What to produce ->
Every record must be transcribed in its entirety, apart from the images, which are to be omitted.

Available data ->
-- Opening Marker --

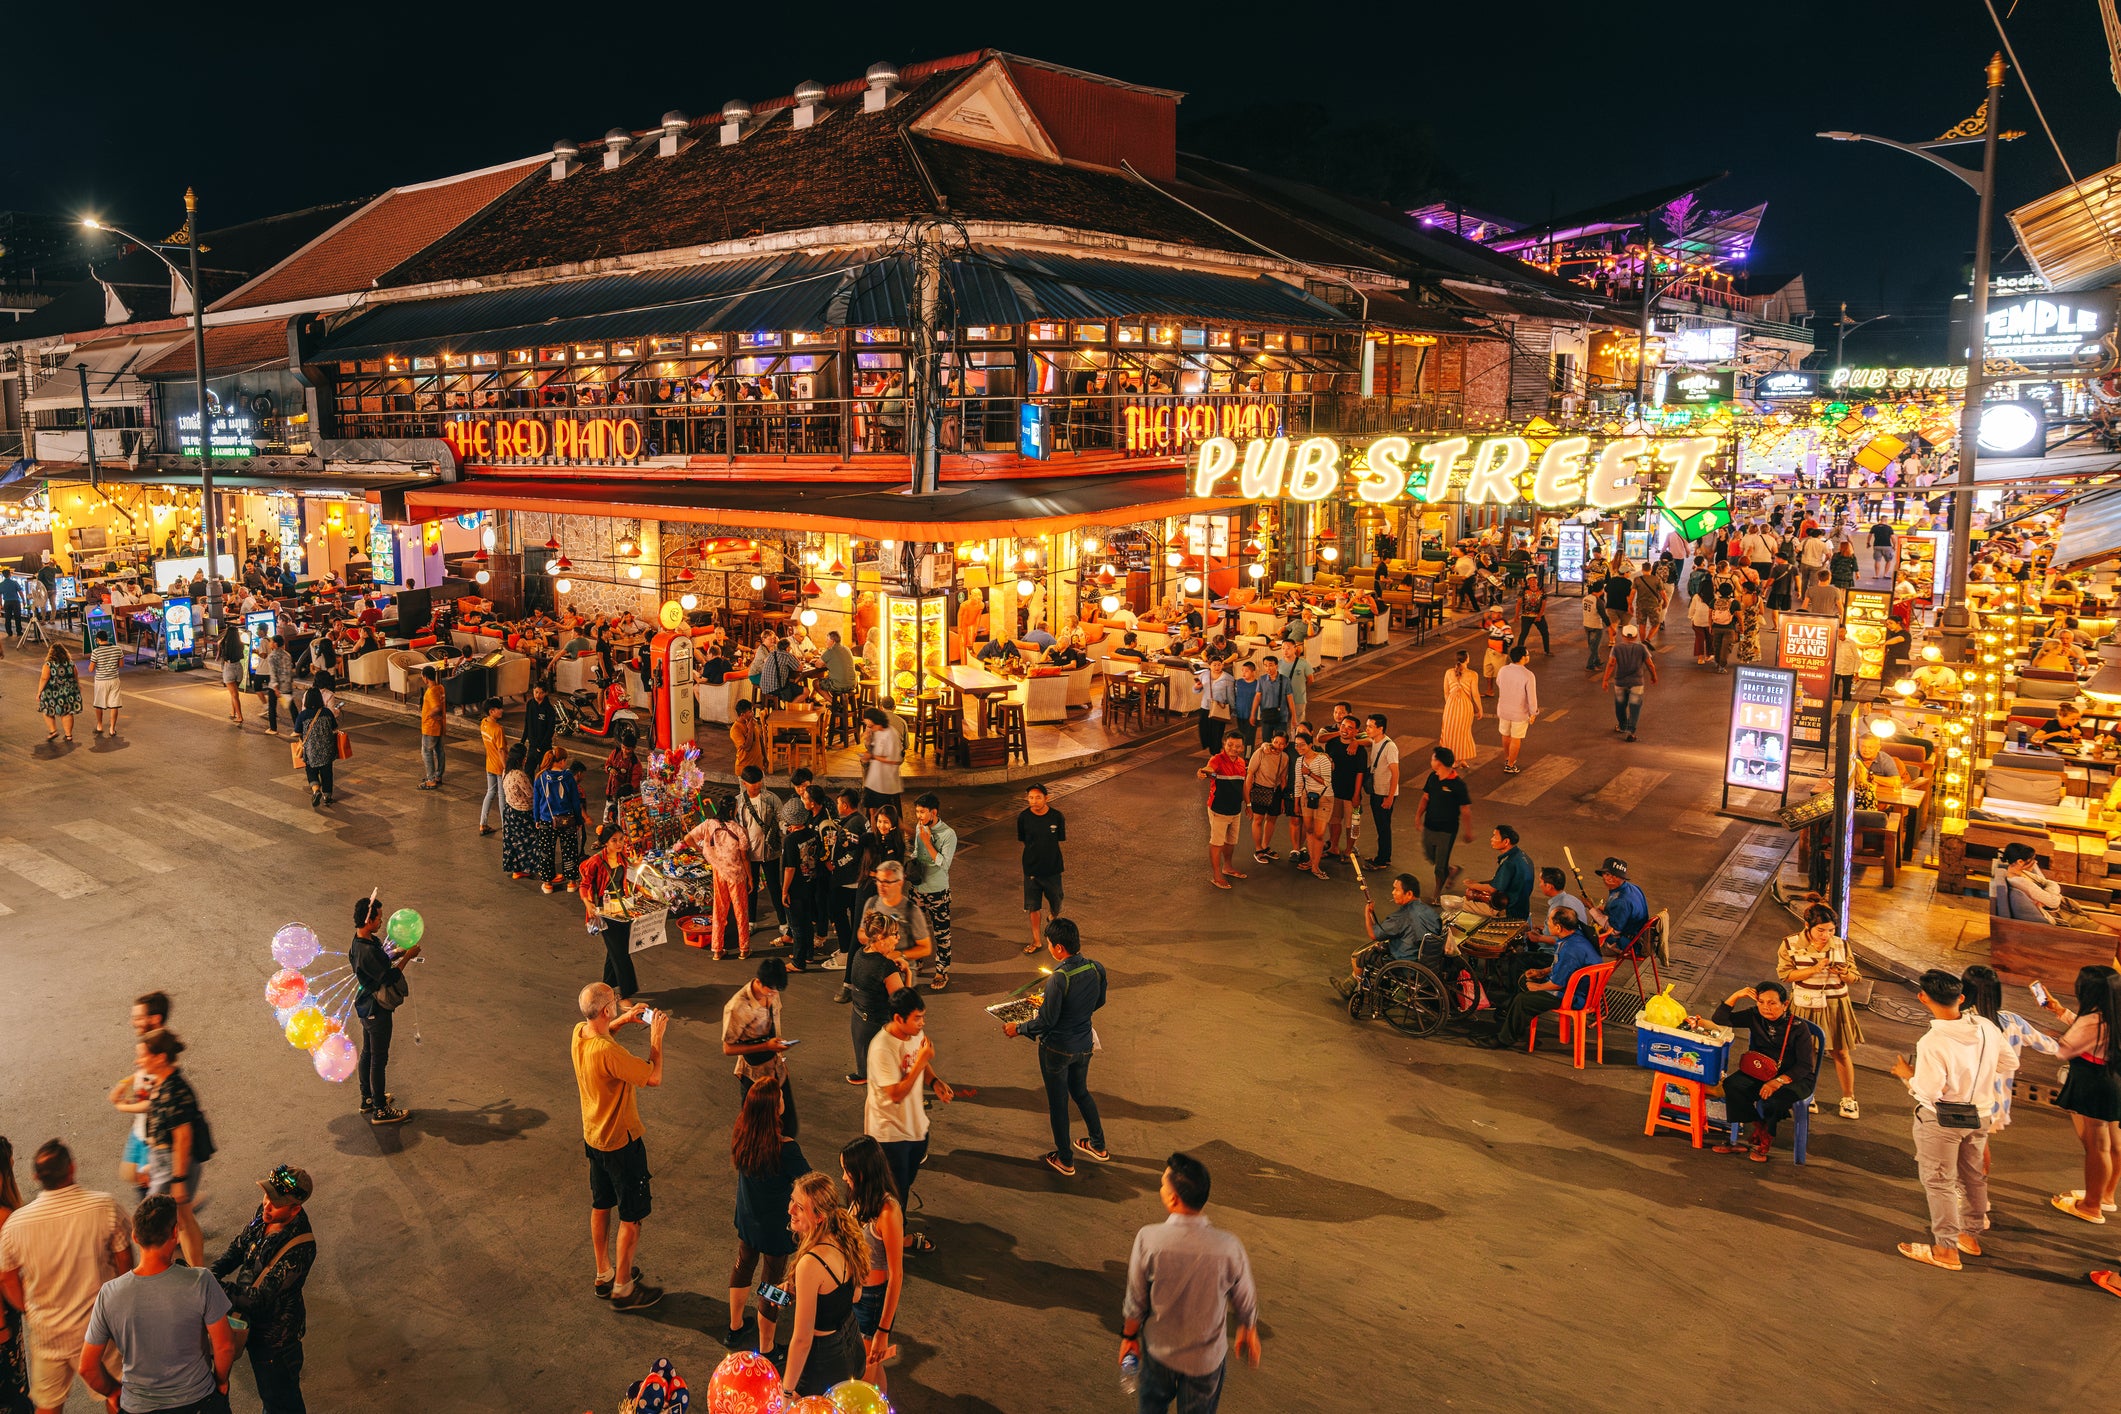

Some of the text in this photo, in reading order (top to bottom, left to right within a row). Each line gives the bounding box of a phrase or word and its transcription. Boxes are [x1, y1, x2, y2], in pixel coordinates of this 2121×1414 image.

[1831, 366, 1968, 388] PUB STRE
[1124, 403, 1279, 450] THE RED PIANO
[445, 419, 492, 457] THE
[495, 419, 548, 458] RED
[554, 418, 642, 460] PIANO
[1195, 436, 1719, 507] PUB STREET
[1787, 624, 1829, 640] LIVE
[1787, 637, 1827, 647] WESTERN
[1786, 643, 1827, 657] BAND
[1785, 656, 1825, 667] UPSTAIRS
[1743, 683, 1784, 695] DRAFT BEER
[1742, 692, 1783, 705] COCKTAILS
[1799, 720, 1821, 728] MIXER
[1612, 861, 1627, 873] Pedro
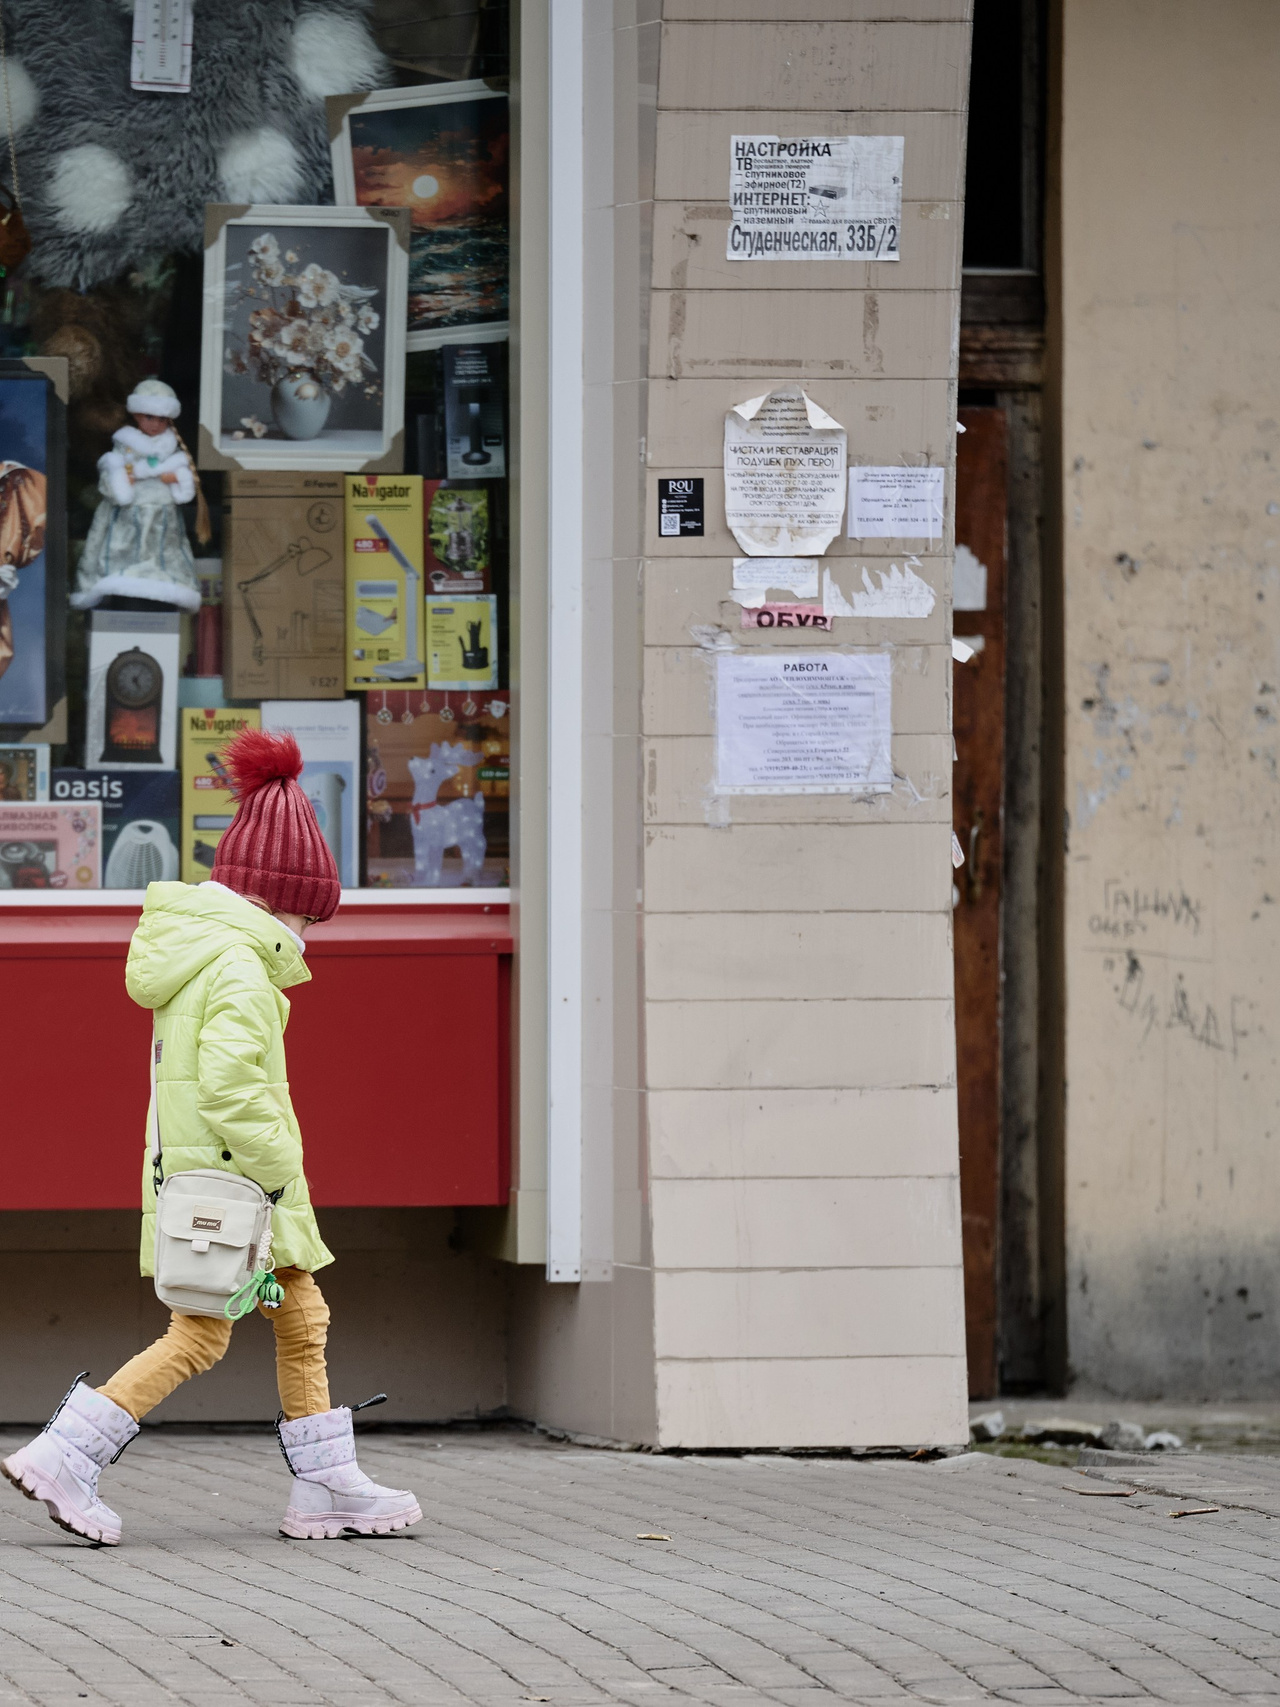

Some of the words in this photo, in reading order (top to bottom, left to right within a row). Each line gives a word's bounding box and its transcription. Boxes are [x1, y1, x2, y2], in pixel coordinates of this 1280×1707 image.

[735, 139, 832, 157] НАСТРОЙКА
[736, 157, 753, 171] ТВ
[745, 171, 807, 180] спутниковое
[733, 192, 811, 206] ИНТЕРНЕТ:
[743, 206, 808, 217] спутниковый
[743, 215, 794, 225] наземный
[731, 224, 842, 258] Студенческая,
[846, 224, 898, 258] 33Б/2
[729, 446, 764, 455] ЧИСТКА
[767, 447, 774, 455] И
[776, 447, 839, 456] РЕСТАВРАЦИЯ
[737, 457, 782, 467] ПОДУШЕК
[808, 458, 834, 468] ПЕРО)
[352, 484, 411, 501] Navigator
[668, 480, 694, 493] ROU
[783, 663, 828, 672] РАБОТА
[190, 717, 249, 734] Navigator
[55, 775, 123, 798] oasis

-- Closing Marker --

Task result ->
Some of the text in this photo, in reading order (top to bottom, left to right within a row). Each line gives the bounding box of a phrase or word and its transcription. Boxes are [x1, y1, x2, y2], in pixel coordinates of this 2121×1414 image.

[1831, 366, 1968, 388] PUB STRE
[1124, 403, 1279, 450] THE RED PIANO
[445, 419, 492, 457] THE
[495, 419, 548, 458] RED
[554, 418, 642, 460] PIANO
[1195, 436, 1719, 507] PUB STREET
[1787, 624, 1829, 640] LIVE
[1787, 637, 1827, 647] WESTERN
[1786, 643, 1827, 657] BAND
[1785, 656, 1825, 667] UPSTAIRS
[1743, 683, 1784, 695] DRAFT BEER
[1742, 692, 1783, 705] COCKTAILS
[1799, 720, 1821, 728] MIXER
[1612, 861, 1627, 873] Pedro

Some of the words in this photo, in reading order (top to bottom, left to right within a row). Each line gives a word's bounding box and its transcription. Boxes are [x1, y1, x2, y2], in pixel coordinates of this 1280×1707 image.

[735, 139, 832, 157] НАСТРОЙКА
[736, 157, 753, 171] ТВ
[745, 171, 807, 180] спутниковое
[733, 192, 811, 206] ИНТЕРНЕТ:
[743, 206, 808, 217] спутниковый
[743, 215, 794, 225] наземный
[731, 224, 842, 258] Студенческая,
[846, 224, 898, 258] 33Б/2
[729, 446, 764, 455] ЧИСТКА
[767, 447, 774, 455] И
[776, 447, 839, 456] РЕСТАВРАЦИЯ
[737, 457, 782, 467] ПОДУШЕК
[808, 458, 834, 468] ПЕРО)
[352, 484, 411, 501] Navigator
[668, 480, 694, 493] ROU
[783, 663, 828, 672] РАБОТА
[190, 717, 249, 734] Navigator
[55, 775, 123, 798] oasis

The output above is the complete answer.